In den 60er-Jahren war der Thrillerautor Alistair MacLean ein verdammt großer Name. Seine Romane verkauften sich millionenfach, und Verfilmungen wie DIE KANONEN VON NAVARONE oder AGENTEN STERBEN EINSAM standen dem Erfolg der Bücher in Nichts nach. In den 70ern begann dann der allmähliche Abstieg des einstigen Stars, die Romane wiederholten sich zusehends, die Verfilmungen rutschen über den B- in den C- Bereich, und in den 80ern war aus dem Meister der Spannung längst ein Flaschenkind geworden, das zwar nach wie vor gut erzählen konnte, aber das was es zu erzählen hatte, das wurde irgendwann nur noch peinlich.

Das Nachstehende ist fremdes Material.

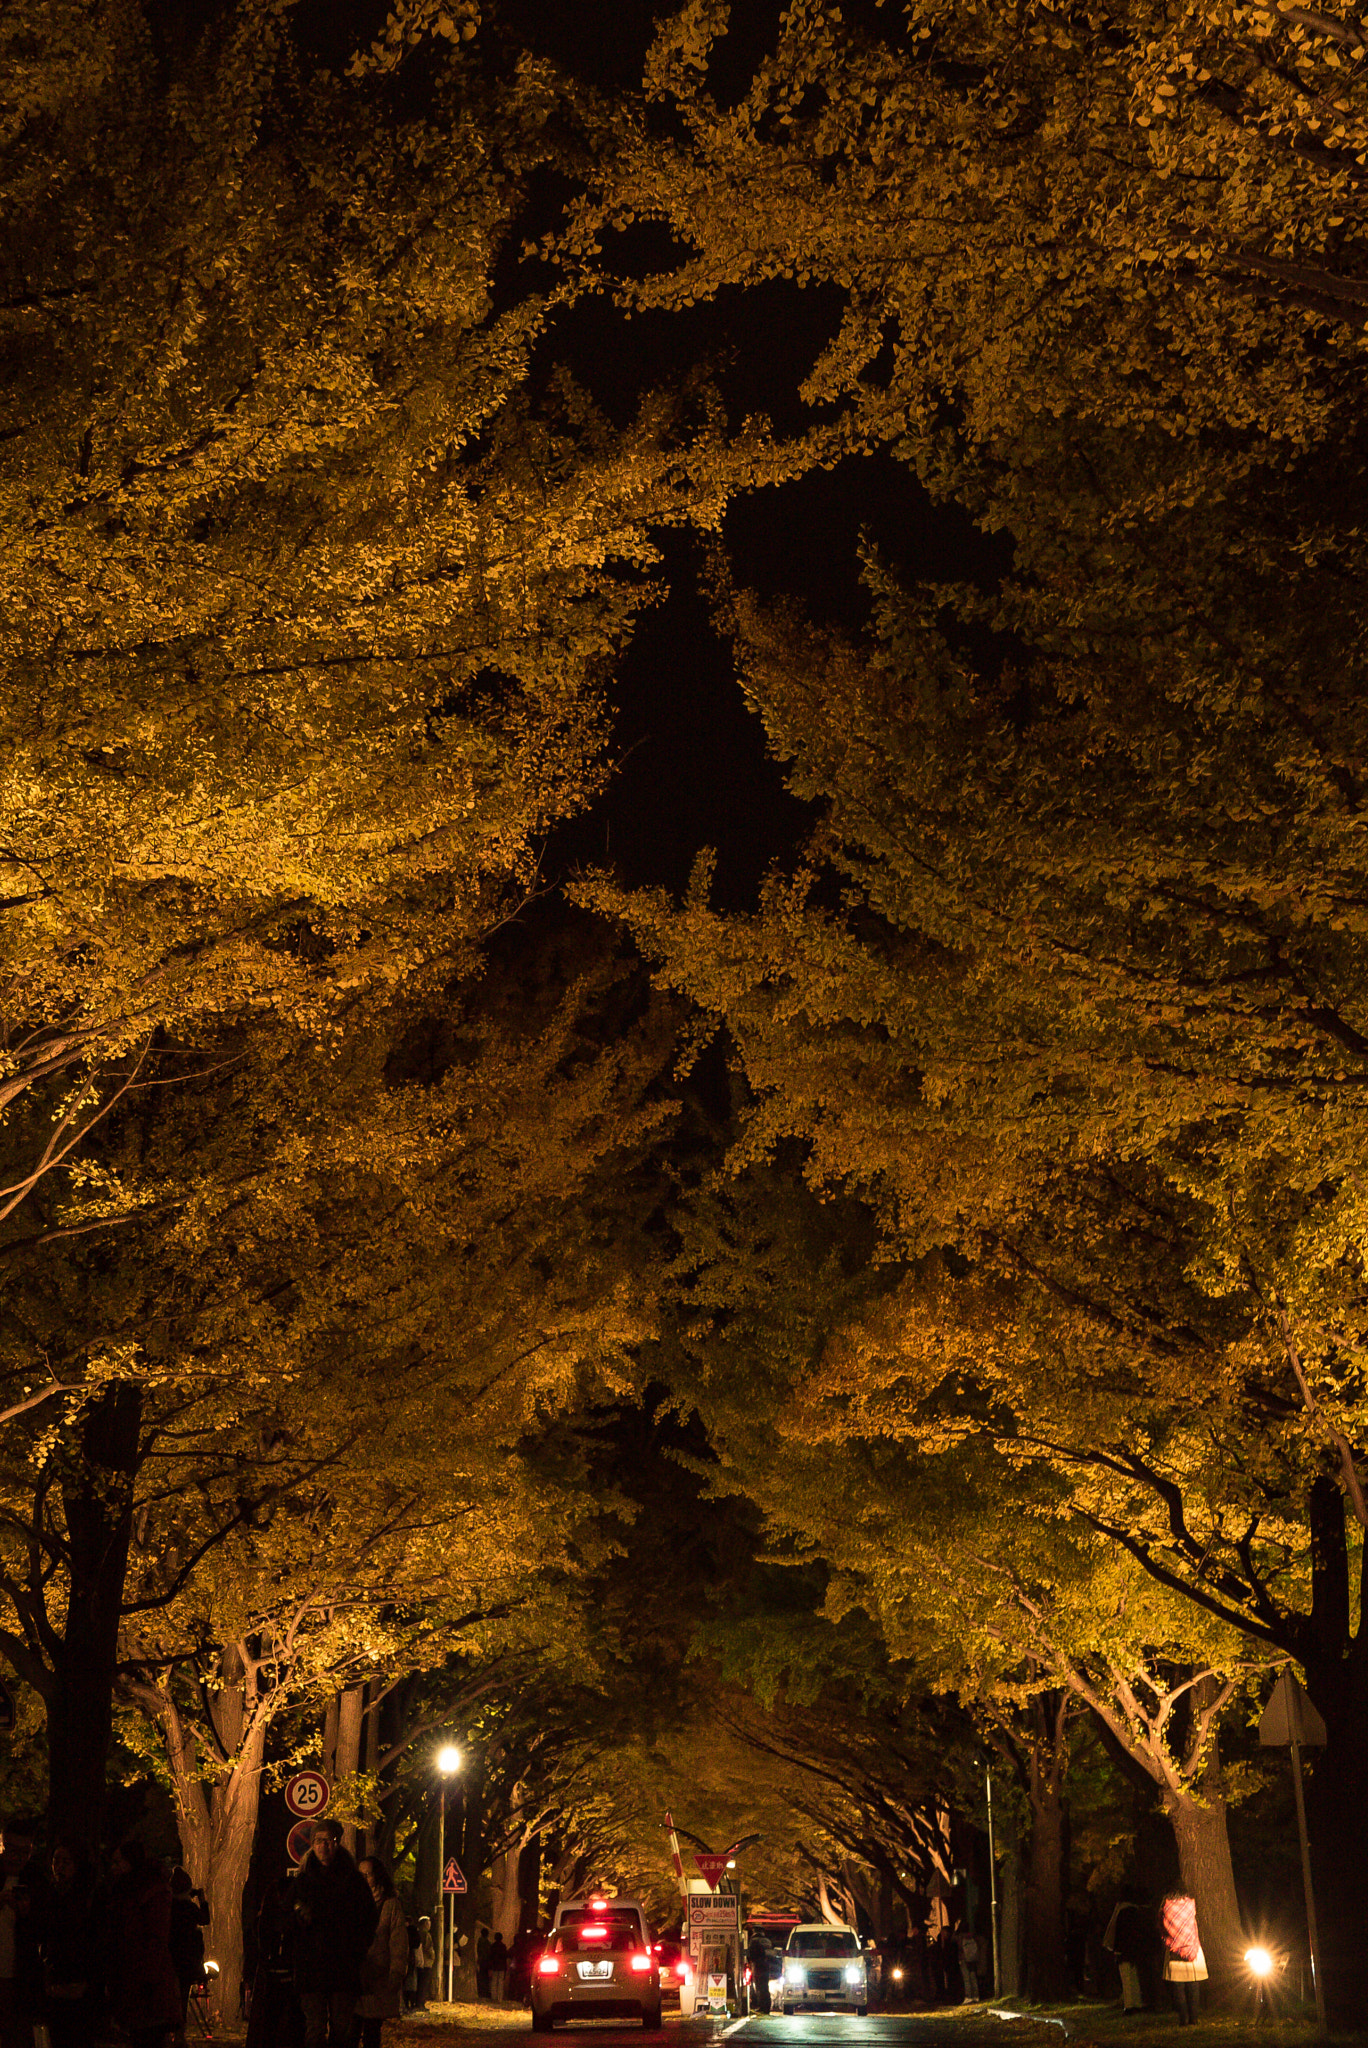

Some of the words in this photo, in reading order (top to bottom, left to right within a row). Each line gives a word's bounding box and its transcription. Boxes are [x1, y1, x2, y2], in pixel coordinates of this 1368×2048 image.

[298, 1784, 318, 1804] 25
[702, 1861, 724, 1869] 止まれ
[691, 1897, 711, 1908] SLOW
[713, 1897, 736, 1908] DOWN
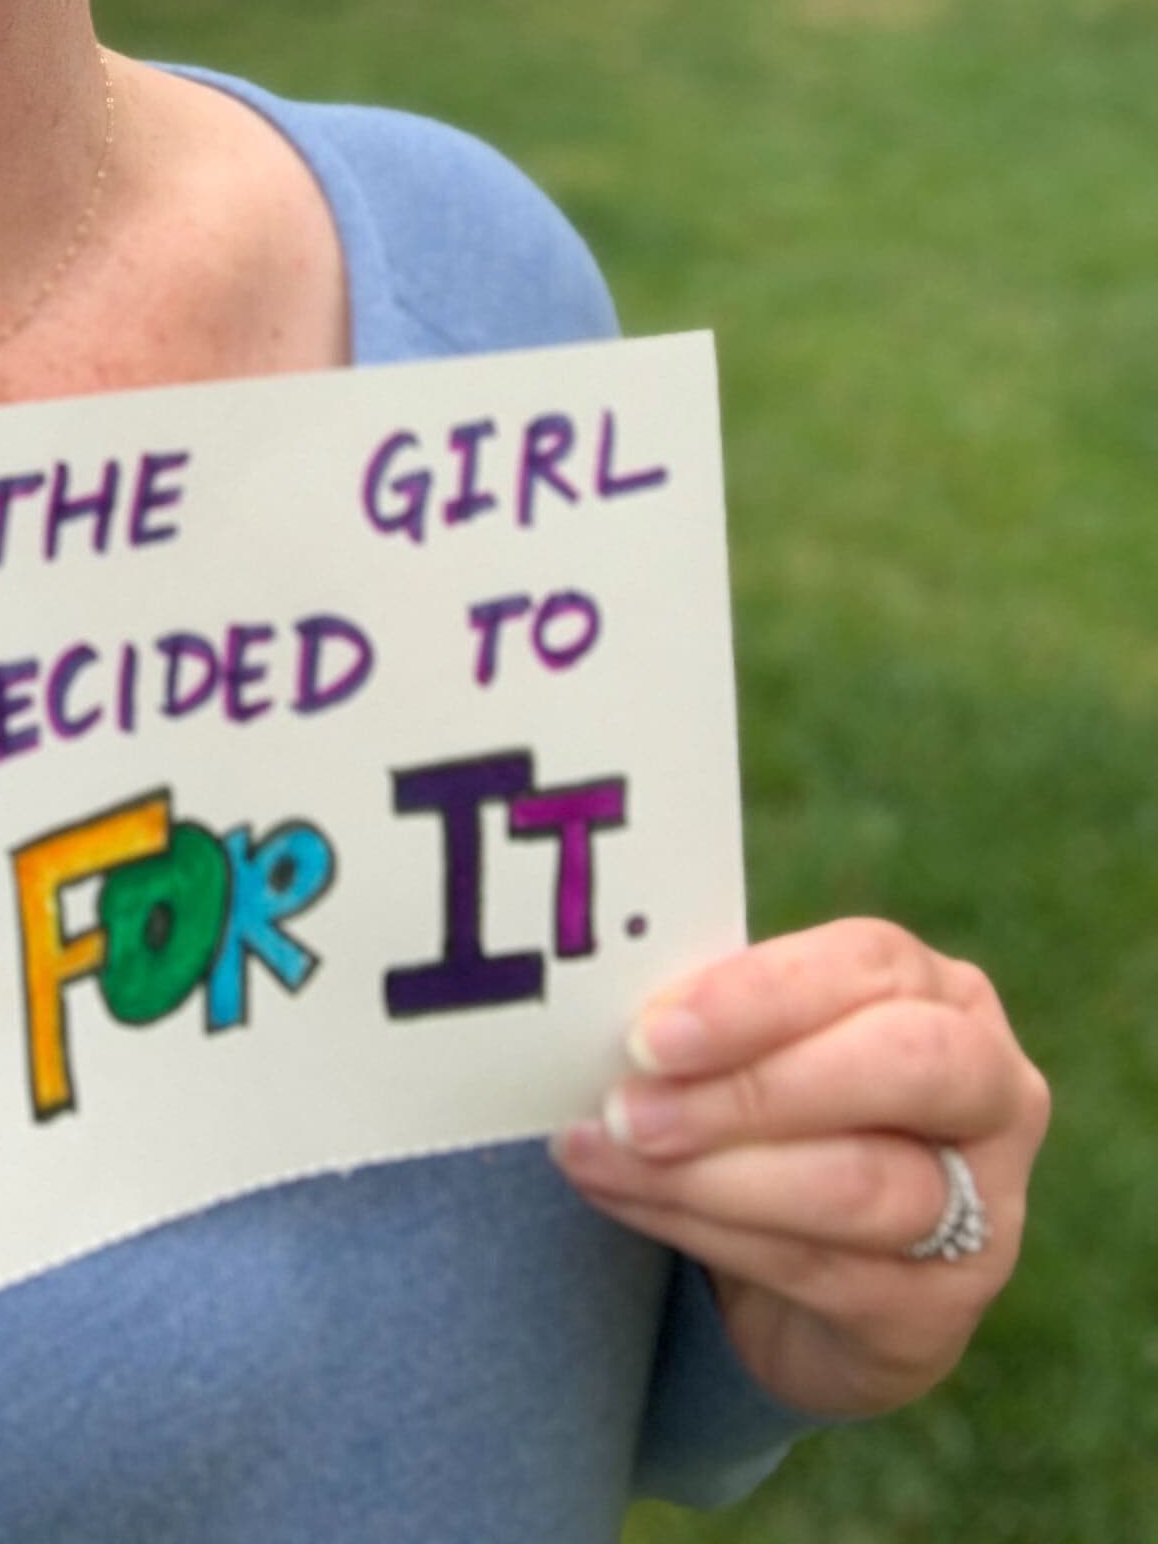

Aber in den 60ern wie gesagt, da war das alles noch neu und funkelnd. Im Wesentlichen sind es meist Man on a Mission-Stoffe, die durch ausweglose Situationen und trinkfeste Helden glänzen. Ausgefeilte Charakterisierungen sind hier eher selten, die Hauptelemente sind raue Männer, die in einer noch raueren Natur (MacLean war passionierter Segler und Naturliebhaber) töten müssen, um zu überleben. In DAS MÖRDERSCHIFF muss der Agent Philipp Calvert herausfinden, warum vor der schottischen Küste Schiffe mit großen Goldladungen spurlos verschwinden. Zwei seiner Leute, die er vor Ort eingesetzt hat, wurden ermordet, und also geht er gemeinsam mit seinem Freund, einem Bürokraten aus dem Geheimdienst, an einem kleinen schottische Küstenstädtchen als Meeresbiologe vor Anker, um das Geheimnis aufzudecken. Und muss sehr schnell lernen, dass dieses Geheimnis ein tödliches ist, den fast ab dem ersten Tag beginnen Überfälle auf seine Person, und häufen sich um ihn herum die mysteriösen Gestalten einerseits und die Leichen andererseits.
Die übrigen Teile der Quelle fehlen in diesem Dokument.